The Christian community, in certain parts, feels besieged. This sense has two sources. The first is the view that people of faith cannot practice their religion and its tenets as they wish. The second is a genuine compassion for this country -- that it know a redeeming faith. To certain parts of Western Christianity, the lack of prayer in the public sector is not only a symptom of declining religiosity and moralism but is, in part, the cause itself.
In contrast, those of different faith or no religious faith at all are exhausted of this historical conflation of judeo-christianism and public ceremony persistent even to now and our exceedingly modern and pluralistic times. Those that oppose religious practice in schools are exasperated.
The Court has sympathy for both views, indeed, relates. But, the undersigned’s most overwhelming rhetorical reaction to all of this is how in 2015 is there still any debate or legal nuance to hash over prayers at graduation? One side insists on securing every slight remaining loophole of religious demonstration in school and the other is chasing to the ends of the earth the last pitiful vestiges of these practices that have been essentially neutered of all possible eternal meaning and effect.... It is conceivable, however, that, in this war over the private conscious made public, the better strategy is arms laid down in recognition of the human psychology that we are always made more in our submission than our entitlement....Moving to examine the school district's modified policy, the court said in part:
[P]recisely because of the historical inclusion of prayer and religious speech at graduations, in this school district and State, it is conceivable that the cultural residue of prior practices might continue to color and confuse the application and invitation of, even now, constitutionally neutral practices. The undersigned is vigilant to identify any kind of wink and nod maneuvering.
But, the plaintiffs now have a serious kind of evidentiary problem. The impropriety of the old practice having been entirely confessed, the majority of the plaintiffs’ legal precedent and factual history are neutralized.....

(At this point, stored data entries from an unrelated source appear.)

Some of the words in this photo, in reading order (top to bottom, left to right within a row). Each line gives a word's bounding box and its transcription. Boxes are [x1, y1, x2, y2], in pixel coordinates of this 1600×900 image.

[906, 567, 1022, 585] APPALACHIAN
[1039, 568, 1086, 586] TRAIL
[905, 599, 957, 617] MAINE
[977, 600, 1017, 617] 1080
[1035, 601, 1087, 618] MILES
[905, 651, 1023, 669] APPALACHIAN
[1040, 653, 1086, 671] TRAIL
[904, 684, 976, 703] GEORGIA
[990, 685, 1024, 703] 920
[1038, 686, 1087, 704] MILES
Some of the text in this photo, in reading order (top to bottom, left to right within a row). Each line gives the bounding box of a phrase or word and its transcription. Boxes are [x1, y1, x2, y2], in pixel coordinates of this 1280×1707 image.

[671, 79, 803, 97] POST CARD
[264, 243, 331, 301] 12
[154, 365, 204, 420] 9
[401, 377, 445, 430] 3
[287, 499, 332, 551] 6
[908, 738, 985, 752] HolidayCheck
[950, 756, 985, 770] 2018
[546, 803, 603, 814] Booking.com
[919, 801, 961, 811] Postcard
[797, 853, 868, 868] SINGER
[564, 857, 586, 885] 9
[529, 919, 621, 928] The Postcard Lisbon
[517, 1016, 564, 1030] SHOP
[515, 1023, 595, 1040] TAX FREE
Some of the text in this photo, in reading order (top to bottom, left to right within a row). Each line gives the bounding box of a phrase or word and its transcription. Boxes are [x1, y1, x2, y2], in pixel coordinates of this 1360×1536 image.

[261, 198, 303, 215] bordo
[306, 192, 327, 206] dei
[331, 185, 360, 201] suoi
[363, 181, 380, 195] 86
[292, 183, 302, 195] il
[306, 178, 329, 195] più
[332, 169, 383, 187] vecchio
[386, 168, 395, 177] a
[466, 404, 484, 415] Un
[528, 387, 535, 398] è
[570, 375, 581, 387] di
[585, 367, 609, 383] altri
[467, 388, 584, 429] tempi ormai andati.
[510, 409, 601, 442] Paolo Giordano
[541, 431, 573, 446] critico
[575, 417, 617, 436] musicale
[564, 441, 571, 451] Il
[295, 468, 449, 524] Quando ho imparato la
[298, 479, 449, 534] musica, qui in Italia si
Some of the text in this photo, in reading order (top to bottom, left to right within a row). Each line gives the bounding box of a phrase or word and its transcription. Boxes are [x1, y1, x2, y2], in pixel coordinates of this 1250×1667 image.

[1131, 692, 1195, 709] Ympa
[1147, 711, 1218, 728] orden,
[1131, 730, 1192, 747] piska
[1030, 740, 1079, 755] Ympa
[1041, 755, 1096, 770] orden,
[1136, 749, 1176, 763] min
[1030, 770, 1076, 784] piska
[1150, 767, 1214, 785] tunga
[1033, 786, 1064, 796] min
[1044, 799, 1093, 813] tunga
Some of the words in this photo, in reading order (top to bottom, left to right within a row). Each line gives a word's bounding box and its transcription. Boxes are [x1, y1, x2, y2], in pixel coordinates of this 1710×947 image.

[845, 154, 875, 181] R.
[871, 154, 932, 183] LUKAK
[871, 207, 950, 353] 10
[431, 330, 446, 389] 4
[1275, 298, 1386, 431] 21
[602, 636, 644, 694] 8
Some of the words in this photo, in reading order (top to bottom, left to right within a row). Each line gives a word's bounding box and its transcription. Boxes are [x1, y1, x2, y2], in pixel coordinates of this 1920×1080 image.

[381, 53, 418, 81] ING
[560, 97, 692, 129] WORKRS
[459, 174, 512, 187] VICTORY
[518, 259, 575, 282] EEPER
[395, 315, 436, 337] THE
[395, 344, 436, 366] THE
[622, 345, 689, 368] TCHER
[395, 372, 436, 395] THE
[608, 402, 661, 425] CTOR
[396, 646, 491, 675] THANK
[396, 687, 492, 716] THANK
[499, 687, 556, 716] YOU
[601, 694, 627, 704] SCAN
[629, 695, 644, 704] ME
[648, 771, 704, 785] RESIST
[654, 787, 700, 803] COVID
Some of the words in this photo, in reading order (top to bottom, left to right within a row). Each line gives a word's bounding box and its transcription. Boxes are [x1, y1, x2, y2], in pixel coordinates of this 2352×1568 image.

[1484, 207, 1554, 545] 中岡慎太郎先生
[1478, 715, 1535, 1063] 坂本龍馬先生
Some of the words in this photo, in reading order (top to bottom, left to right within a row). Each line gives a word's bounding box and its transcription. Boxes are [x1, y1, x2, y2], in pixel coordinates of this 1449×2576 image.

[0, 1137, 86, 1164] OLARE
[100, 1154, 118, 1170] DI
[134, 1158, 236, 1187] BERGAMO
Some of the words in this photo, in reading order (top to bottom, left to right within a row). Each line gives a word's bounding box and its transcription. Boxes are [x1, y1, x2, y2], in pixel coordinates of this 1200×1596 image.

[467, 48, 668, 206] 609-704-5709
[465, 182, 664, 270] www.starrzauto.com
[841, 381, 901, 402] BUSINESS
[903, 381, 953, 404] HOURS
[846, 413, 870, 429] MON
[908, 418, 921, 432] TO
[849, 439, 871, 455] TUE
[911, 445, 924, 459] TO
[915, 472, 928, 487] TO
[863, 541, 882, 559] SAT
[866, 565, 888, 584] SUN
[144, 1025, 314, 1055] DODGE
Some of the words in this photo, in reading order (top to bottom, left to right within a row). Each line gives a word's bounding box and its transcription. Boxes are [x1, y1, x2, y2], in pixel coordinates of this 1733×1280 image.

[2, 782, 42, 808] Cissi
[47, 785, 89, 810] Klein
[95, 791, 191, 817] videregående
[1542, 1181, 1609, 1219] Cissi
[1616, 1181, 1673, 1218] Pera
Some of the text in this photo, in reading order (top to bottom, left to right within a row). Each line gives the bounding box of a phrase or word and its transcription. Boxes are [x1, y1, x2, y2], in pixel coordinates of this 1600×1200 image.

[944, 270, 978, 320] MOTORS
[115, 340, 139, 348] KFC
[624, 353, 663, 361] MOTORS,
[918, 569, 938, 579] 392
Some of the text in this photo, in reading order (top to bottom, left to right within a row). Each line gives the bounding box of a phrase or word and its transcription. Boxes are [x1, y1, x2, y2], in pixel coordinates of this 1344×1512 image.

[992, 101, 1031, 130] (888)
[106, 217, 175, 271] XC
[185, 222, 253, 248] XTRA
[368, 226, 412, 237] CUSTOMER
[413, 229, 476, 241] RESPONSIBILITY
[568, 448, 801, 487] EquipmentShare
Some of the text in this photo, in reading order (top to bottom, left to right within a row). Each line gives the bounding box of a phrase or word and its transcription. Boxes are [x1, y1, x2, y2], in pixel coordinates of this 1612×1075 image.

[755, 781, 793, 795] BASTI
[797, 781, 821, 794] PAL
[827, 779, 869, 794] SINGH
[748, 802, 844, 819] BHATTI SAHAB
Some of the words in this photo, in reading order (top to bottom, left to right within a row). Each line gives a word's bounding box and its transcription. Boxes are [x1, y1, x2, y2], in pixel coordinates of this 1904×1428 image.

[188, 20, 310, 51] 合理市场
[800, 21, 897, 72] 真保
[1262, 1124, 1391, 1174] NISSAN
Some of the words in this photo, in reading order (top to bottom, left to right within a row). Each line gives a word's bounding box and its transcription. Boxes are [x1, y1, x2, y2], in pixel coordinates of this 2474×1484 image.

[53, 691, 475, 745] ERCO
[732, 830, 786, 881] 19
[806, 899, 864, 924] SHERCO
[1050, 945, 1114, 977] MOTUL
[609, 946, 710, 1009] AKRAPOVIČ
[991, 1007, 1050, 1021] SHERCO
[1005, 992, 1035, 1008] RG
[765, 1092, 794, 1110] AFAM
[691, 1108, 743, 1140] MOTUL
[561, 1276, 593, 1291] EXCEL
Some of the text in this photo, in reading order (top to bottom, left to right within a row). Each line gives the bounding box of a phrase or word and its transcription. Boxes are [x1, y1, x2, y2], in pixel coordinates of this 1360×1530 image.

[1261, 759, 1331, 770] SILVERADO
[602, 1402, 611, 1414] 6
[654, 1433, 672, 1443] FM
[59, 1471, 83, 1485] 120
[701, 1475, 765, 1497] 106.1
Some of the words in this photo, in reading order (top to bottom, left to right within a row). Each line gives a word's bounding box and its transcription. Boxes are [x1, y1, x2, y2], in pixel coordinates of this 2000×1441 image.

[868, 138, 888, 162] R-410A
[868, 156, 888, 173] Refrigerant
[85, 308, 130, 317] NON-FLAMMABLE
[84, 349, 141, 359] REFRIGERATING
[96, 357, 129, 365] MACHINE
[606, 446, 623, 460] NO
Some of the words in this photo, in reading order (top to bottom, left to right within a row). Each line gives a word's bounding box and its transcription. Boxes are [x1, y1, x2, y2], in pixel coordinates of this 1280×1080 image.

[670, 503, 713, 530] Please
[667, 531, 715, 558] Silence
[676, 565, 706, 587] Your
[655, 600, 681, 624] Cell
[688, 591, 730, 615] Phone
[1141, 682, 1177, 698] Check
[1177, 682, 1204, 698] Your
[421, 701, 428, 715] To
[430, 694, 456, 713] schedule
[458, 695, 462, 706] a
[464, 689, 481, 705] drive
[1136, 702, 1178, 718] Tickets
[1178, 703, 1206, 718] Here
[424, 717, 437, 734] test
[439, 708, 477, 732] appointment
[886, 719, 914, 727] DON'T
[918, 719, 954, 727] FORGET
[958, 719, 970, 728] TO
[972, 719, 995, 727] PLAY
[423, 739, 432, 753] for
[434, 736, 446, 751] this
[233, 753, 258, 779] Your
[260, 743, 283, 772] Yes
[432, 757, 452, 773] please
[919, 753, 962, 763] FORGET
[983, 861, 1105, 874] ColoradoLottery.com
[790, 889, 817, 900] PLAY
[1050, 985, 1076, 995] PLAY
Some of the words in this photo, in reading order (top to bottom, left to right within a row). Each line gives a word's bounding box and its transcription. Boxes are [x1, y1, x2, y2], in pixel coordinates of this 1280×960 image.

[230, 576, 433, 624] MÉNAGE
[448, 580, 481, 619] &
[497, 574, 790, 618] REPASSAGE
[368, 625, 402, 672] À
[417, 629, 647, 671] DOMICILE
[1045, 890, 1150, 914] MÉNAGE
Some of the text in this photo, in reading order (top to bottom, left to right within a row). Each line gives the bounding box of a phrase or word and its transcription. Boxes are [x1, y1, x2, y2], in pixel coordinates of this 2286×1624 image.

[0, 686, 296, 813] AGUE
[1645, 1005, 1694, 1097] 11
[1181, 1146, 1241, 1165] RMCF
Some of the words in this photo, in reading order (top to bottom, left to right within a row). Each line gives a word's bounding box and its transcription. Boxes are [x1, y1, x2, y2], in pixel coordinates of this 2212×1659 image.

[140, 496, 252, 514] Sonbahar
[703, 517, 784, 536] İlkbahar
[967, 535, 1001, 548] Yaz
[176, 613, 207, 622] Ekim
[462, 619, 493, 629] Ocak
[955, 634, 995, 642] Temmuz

What is continuously confused by the proponents of prayer in school or public forum is that these affirmative attempts to invite or measure the “voluntary choice” of students to pray, in the very same moment, renders that choice less than wholly voluntary. The very act of raising the issue alters the degree of its voluntariness. It is like the Observer Effect. In the moment we measure it, it is changed. So, when the decisions talk of private speech, in this perilous hybrid of public ceremony conducted by actual individuals and citizens, the expectation, if it means anything, is that the religiosity, if any at all, must spring forth from the imagination solely of the speaker and not as the result of expectations and pressures attributable, or historic, to, state action in the graduation or event itself. Moved in the spirit, so to speak....
This Court sits in one of the great parts of the world, in people and heritage. There are many in our city and county and State who are the inheritance of a meaningful practice of various religion, maybe Christianity most predominately. Their tenets and freedom to live them matter. But, there is a new and growing richness of population, here, in culture and background, that is transforming the complexion of mores and discourse and daily experience, in both public and private ways. The new practice of the defendant is constitutional. But, plaintiffs are affirmed. Not in their full request for legal remedy but in their aspiration for equal liberty. For too long school districts have cleverly resisted, with every manner of contortion, the force of Establishment jurisprudence to justifiably eliminate all state-sponsored rite. At least one has gotten it exactly right.
Concomitant to the effectiveness of the defendant’s new practice is the need that it be effectively communicated. The legacy of the historic inclusion of such prayers at graduation might still be coercively operative on contributing students.... Without affirmative instruction that prayer and religious messaging are no longer required, there is some risk that a student may yet still feel compelled. The defendant school district must, therefore, reasonably publicize the new practice to students participating in any graduations.The American Humanist Association announced that it would appeal the decision. Last week in a separate opinion (full text), the district court dismissed on mootness and standing grounds a challenge in the same case to the school district's policy of holding some graduation ceremonies at a religious chapel on a local college campus.